See, the season of Lent that we begin today is going somewhere. Where? We’re headed to Easter, that grand celebration of death that gets turned into life. There’s this part of the communion liturgy we call the Proper Preface. It comes right after the opening sentences. You’ll recognize it because it begins, “It is indeed our duty and delight that we should at all times and in all places give thanks to you, almighty and merciful God through Jesus Christ our Lord.” And then it goes on in poetic language to tie this eucharistic celebration to the themes of the church year. I kind of miss the old one for lent; they changed it in this new hymnal; the old one proclaimed that where death began, life will be restored and that the Evil One who by a tree once overcame will likewise by a tree be overcome. That infamous apple tree of the Garden of Eden will be superseded by a cross-shaped tree on a gruesome hill outside Jerusalem; there the possibility of life with God was born. Indeed, dear church, because we are so truthful today about our mortality, the promise of resurrection is all the more sweet.

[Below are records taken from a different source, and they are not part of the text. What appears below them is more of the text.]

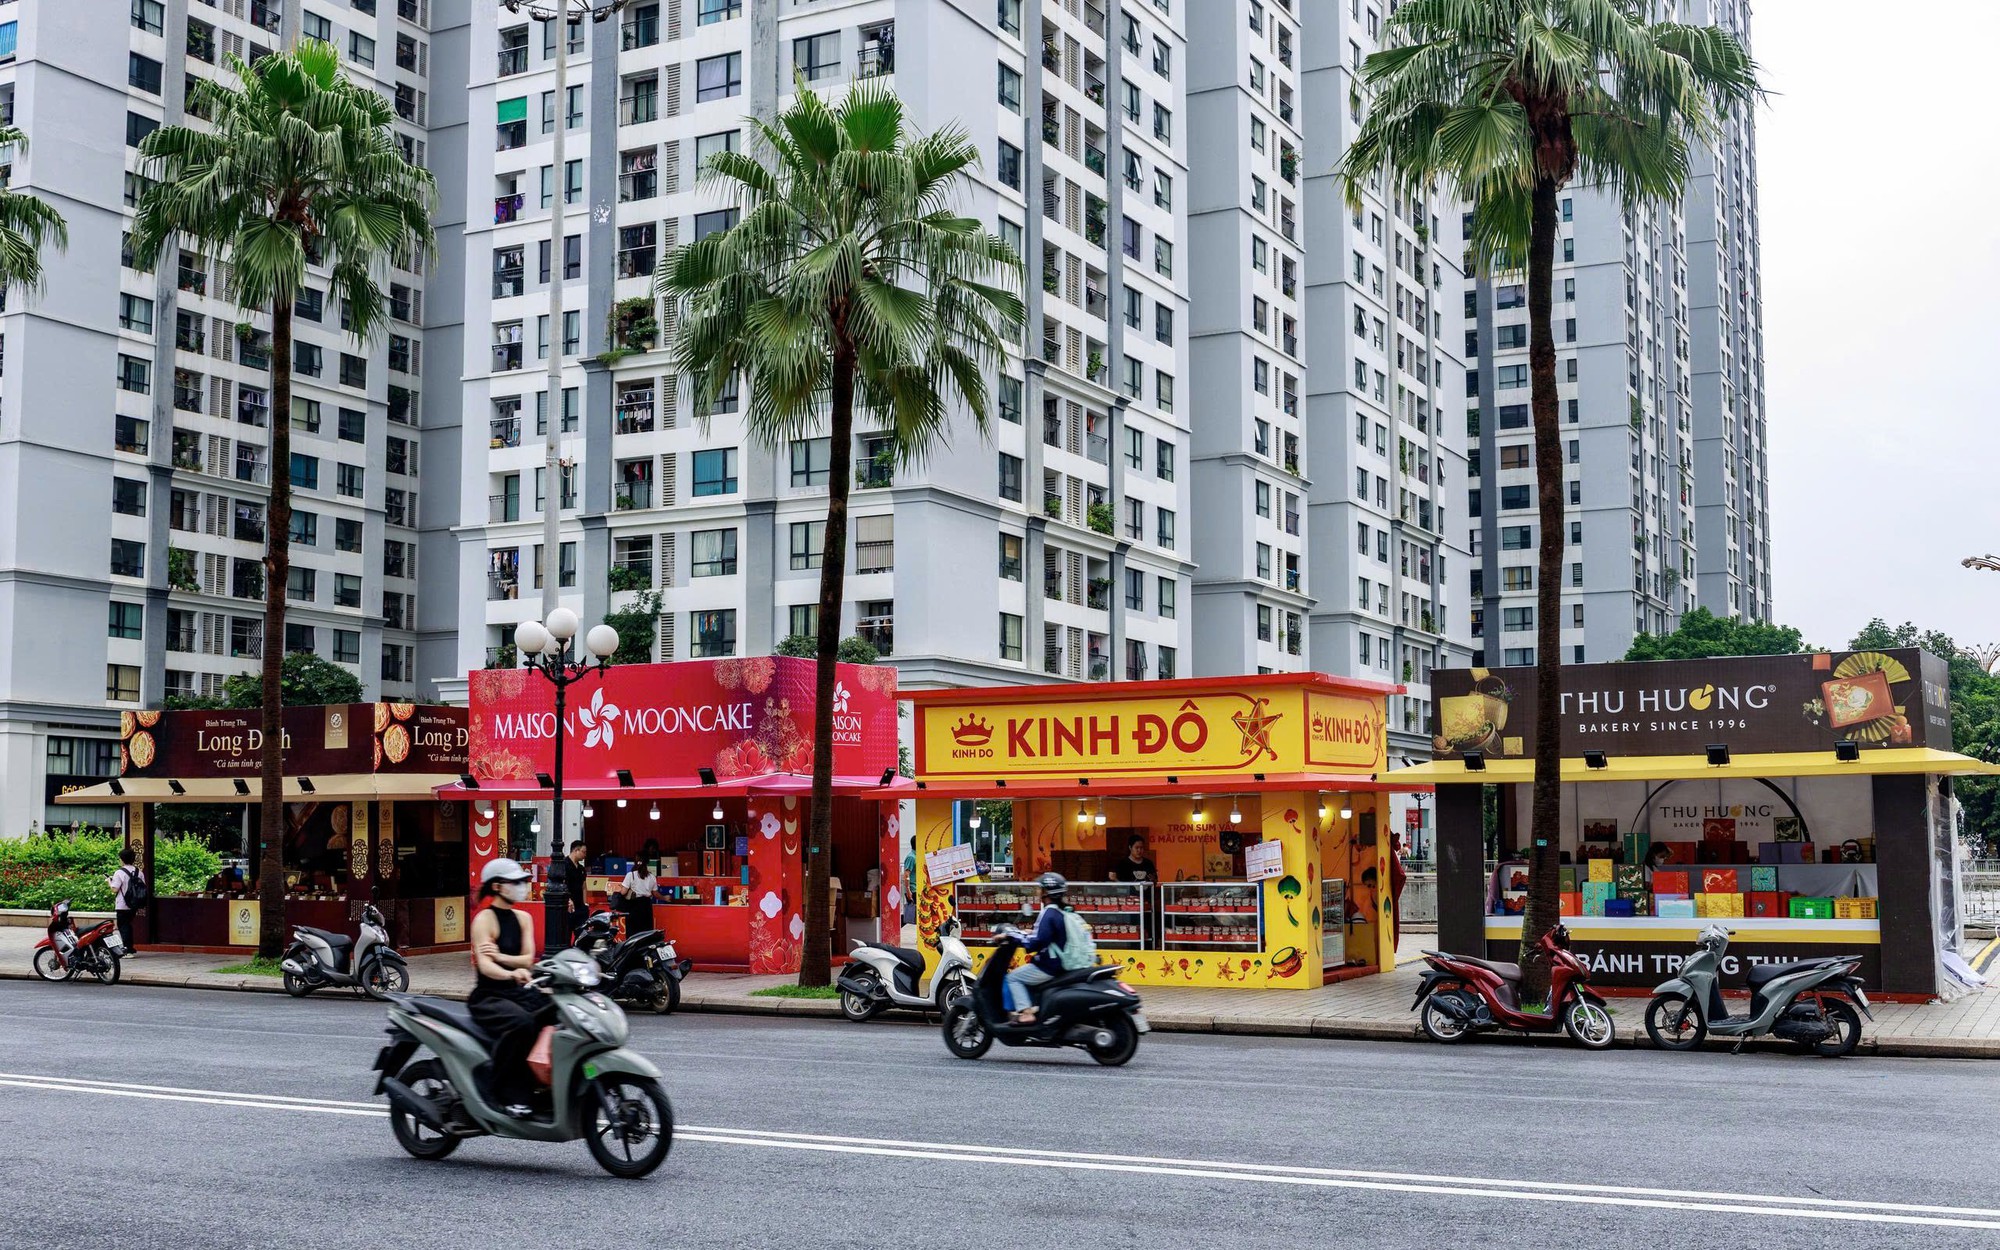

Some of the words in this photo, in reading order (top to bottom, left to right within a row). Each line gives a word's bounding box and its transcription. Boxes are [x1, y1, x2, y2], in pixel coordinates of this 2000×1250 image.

[1560, 691, 1624, 714] THU
[494, 712, 575, 739] MAISON
[623, 703, 753, 735] MOONCAKE
[832, 716, 862, 731] AISON
[1007, 715, 1120, 758] KINH
[1132, 699, 1209, 755] ĐÔ
[1324, 716, 1353, 743] KINH
[1354, 713, 1371, 745] ĐÔ
[1579, 722, 1641, 733] BAKERY
[1650, 720, 1699, 731] SINCE
[1709, 719, 1747, 729] 1996
[197, 730, 243, 757] Long
[247, 727, 292, 750] Đh
[413, 725, 453, 752] Long
[832, 731, 862, 742] ONCAKE
[952, 749, 976, 758] KINH
[978, 748, 994, 758] DO
[1660, 806, 1697, 818] THU
[1195, 823, 1217, 832] SUM
[1575, 949, 1644, 974] BÁNH
[1650, 954, 1740, 975] TRG
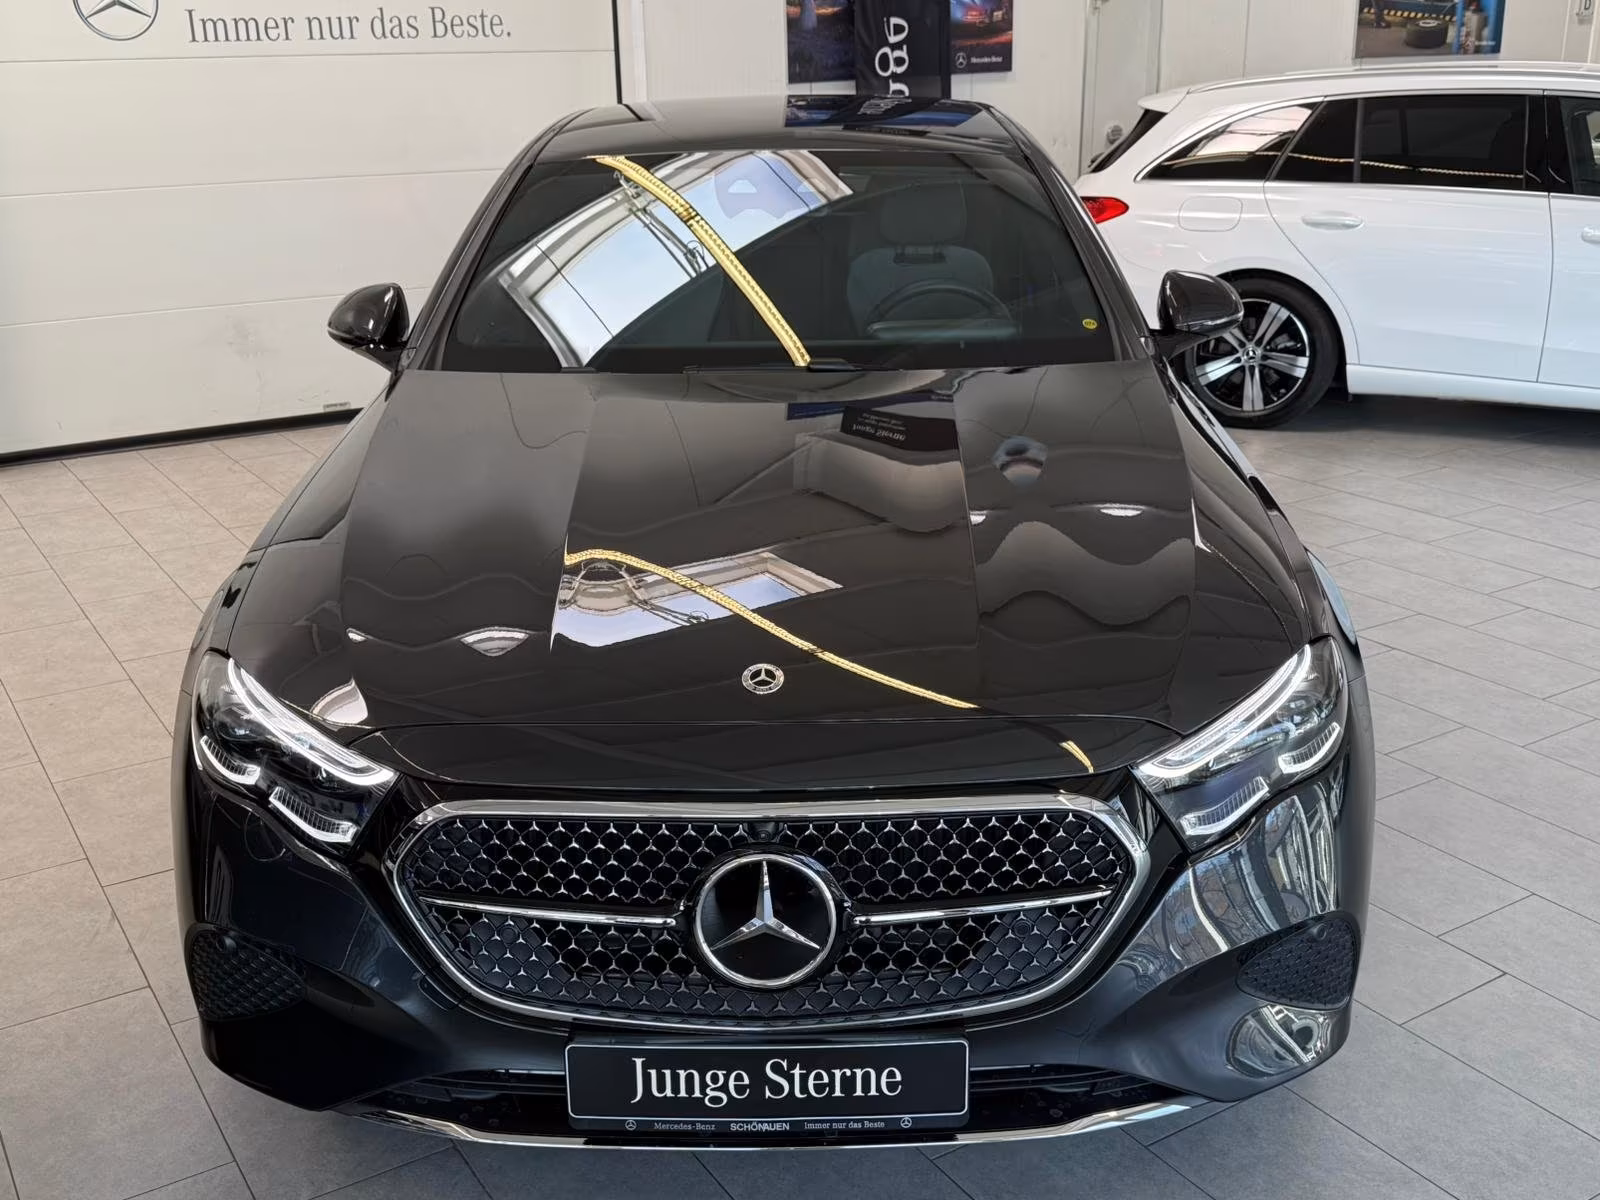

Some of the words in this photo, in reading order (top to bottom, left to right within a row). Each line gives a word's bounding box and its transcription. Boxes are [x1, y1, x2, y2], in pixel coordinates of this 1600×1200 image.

[184, 8, 295, 43] Immer
[305, 15, 360, 41] nur
[370, 6, 420, 40] das
[428, 6, 512, 39] Beste.
[630, 1057, 750, 1108] Junge
[764, 1058, 902, 1100] Sterne
[653, 1122, 716, 1130] Mercedes-Benz
[729, 1121, 790, 1132] SCHÖNAUEN
[804, 1121, 830, 1129] Immer
[848, 1120, 862, 1128] das
[864, 1120, 885, 1128] Beste

This is an odd day, this Ash Wednesday, made all the more odd by the juxtaposition with Valentine’s Day. But then ours is an odd faith, a faith that began in the dust and ashes of a borrowed tomb, a grave, a place of death. That womb of dust and ash and death was the resting place of Christ who loved the world all the way to death on a cross.

“Remember that you are dust, and to dust you shall return.”  These are the words that will be spoken over you in a matter of minutes. Your life is fleeting. The clock is ticking. But the mark of the cross reminds you that there is so much more. Death gives way to the life that was promised at your baptism. Ashes are not forever. Endings always call up new beginnings. Now, even now, in the midst of dust and ashes on this day of love, it is a day of deep grace, the day of our salvation.